• WHAT IS NEEDED
This exercise calls for an exact copy of the listing, with no pictures kept.

• MATERIAL SUPPLIED
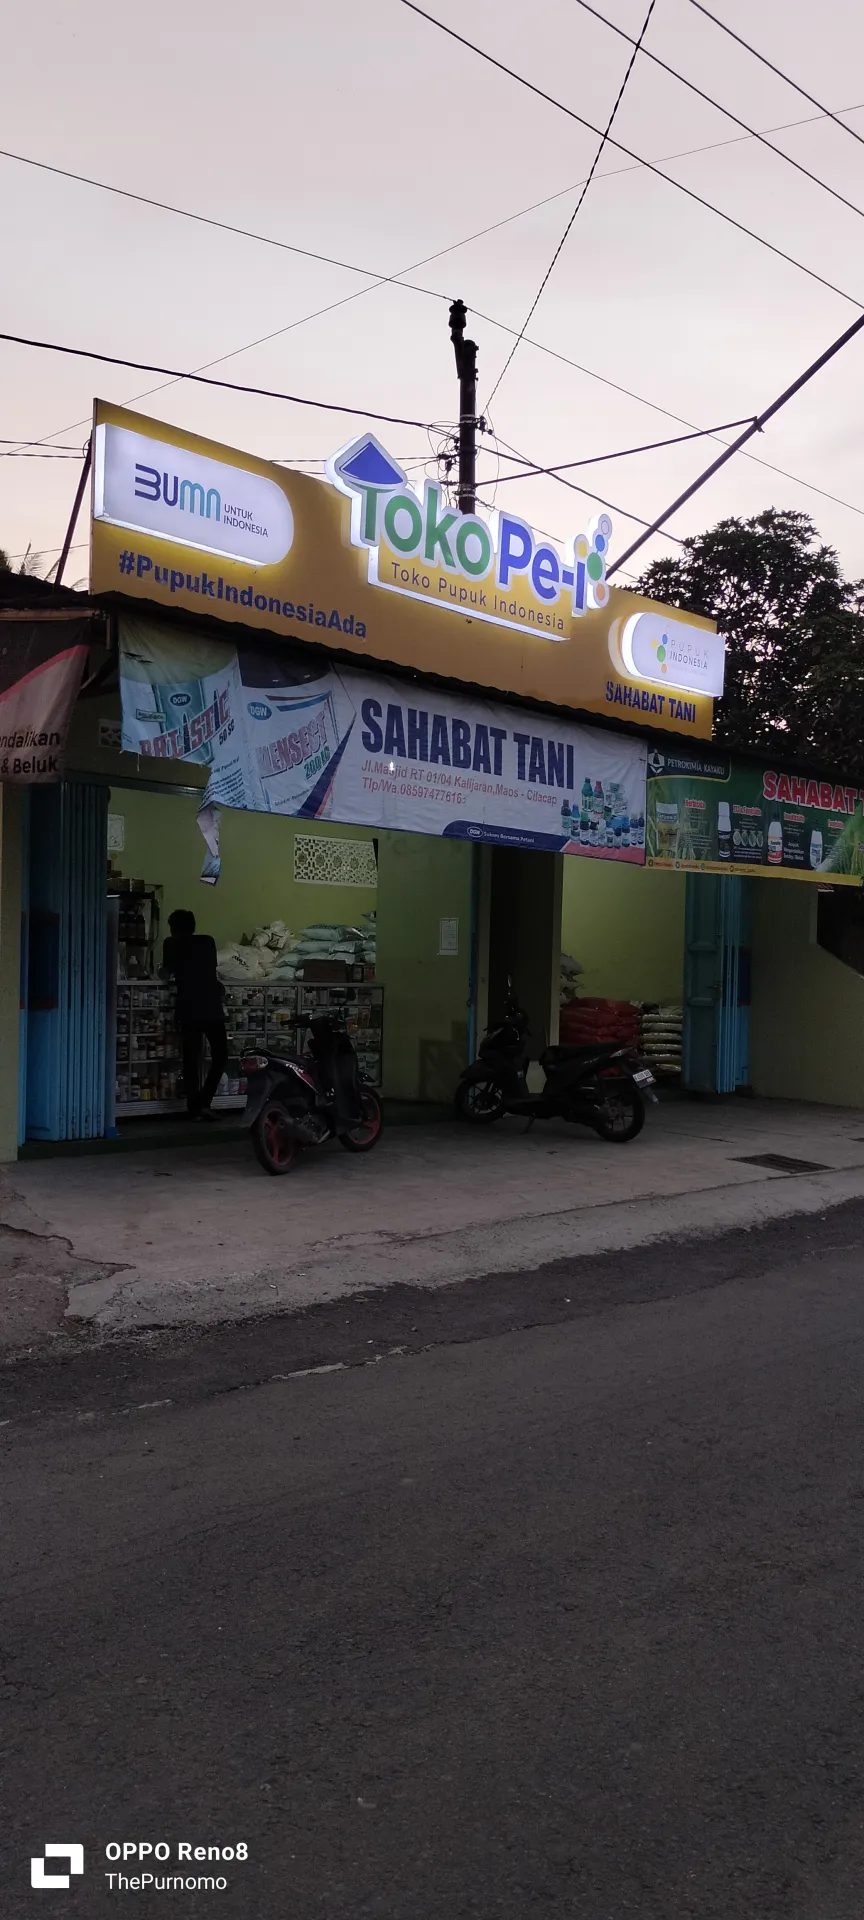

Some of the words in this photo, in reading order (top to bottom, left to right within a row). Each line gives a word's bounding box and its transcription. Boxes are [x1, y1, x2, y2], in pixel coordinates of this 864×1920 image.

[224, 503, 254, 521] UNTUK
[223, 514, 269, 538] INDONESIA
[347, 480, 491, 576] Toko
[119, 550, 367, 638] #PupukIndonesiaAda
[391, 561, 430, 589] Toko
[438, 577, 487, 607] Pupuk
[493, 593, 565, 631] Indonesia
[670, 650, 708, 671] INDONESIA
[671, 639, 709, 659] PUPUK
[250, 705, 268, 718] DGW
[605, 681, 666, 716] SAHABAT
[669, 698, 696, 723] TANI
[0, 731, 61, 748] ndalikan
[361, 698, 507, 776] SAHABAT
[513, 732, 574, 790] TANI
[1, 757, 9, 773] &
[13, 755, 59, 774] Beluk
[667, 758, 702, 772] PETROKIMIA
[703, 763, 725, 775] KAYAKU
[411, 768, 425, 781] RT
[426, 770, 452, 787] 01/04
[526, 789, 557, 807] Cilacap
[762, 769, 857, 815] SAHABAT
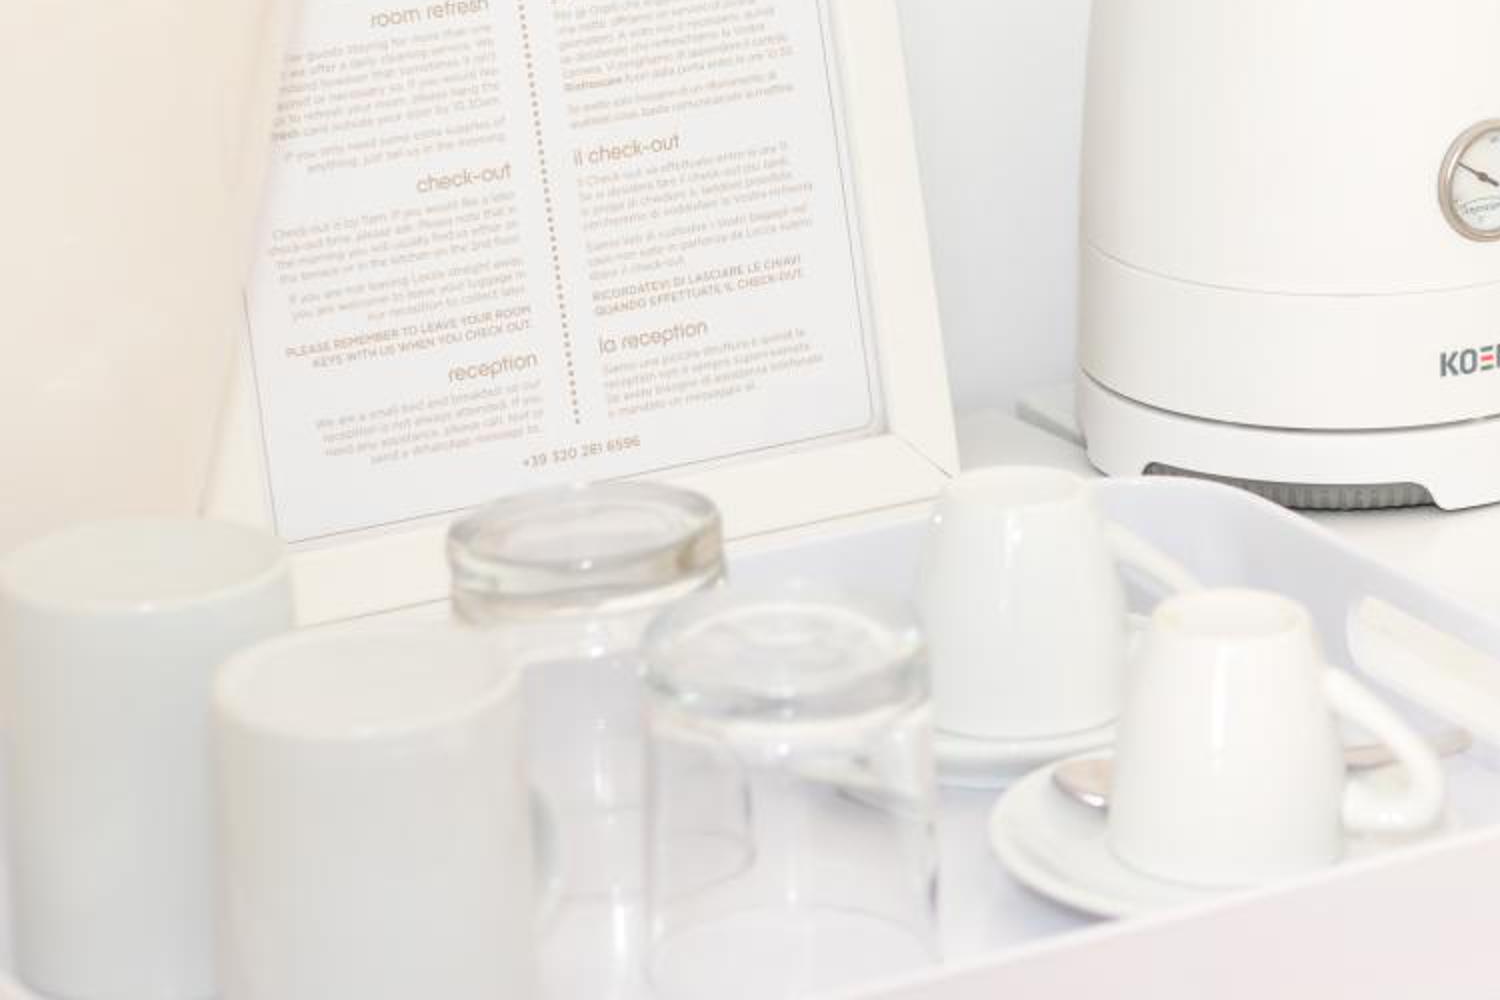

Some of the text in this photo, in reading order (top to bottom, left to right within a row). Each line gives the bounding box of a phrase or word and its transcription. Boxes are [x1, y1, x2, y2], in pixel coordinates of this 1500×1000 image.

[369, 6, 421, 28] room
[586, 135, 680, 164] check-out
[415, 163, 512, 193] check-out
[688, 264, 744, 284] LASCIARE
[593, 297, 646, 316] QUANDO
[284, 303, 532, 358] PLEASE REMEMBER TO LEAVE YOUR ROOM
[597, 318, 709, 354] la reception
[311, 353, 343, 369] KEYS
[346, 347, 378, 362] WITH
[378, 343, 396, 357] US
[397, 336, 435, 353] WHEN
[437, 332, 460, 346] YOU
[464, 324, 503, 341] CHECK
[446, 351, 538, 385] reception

• ANSWER BELOW
Some of the words in this photo, in reading order (top to bottom, left to right within a row). Each line gives a word's bounding box and its transcription. Boxes are [x1, y1, x2, y2], in pixel coordinates of this 864×1920 image.

[224, 503, 254, 521] UNTUK
[223, 514, 269, 538] INDONESIA
[347, 480, 491, 576] Toko
[119, 550, 367, 638] #PupukIndonesiaAda
[391, 561, 430, 589] Toko
[438, 577, 487, 607] Pupuk
[493, 593, 565, 631] Indonesia
[670, 650, 708, 671] INDONESIA
[671, 639, 709, 659] PUPUK
[250, 705, 268, 718] DGW
[605, 681, 666, 716] SAHABAT
[669, 698, 696, 723] TANI
[0, 731, 61, 748] ndalikan
[361, 698, 507, 776] SAHABAT
[513, 732, 574, 790] TANI
[1, 757, 9, 773] &
[13, 755, 59, 774] Beluk
[667, 758, 702, 772] PETROKIMIA
[703, 763, 725, 775] KAYAKU
[411, 768, 425, 781] RT
[426, 770, 452, 787] 01/04
[526, 789, 557, 807] Cilacap
[762, 769, 857, 815] SAHABAT

Some of the text in this photo, in reading order (top to bottom, left to right within a row). Each line gives the bounding box of a phrase or word and its transcription. Boxes are [x1, y1, x2, y2], in pixel coordinates of this 1500×1000 image.

[369, 6, 421, 28] room
[586, 135, 680, 164] check-out
[415, 163, 512, 193] check-out
[688, 264, 744, 284] LASCIARE
[593, 297, 646, 316] QUANDO
[284, 303, 532, 358] PLEASE REMEMBER TO LEAVE YOUR ROOM
[597, 318, 709, 354] la reception
[311, 353, 343, 369] KEYS
[346, 347, 378, 362] WITH
[378, 343, 396, 357] US
[397, 336, 435, 353] WHEN
[437, 332, 460, 346] YOU
[464, 324, 503, 341] CHECK
[446, 351, 538, 385] reception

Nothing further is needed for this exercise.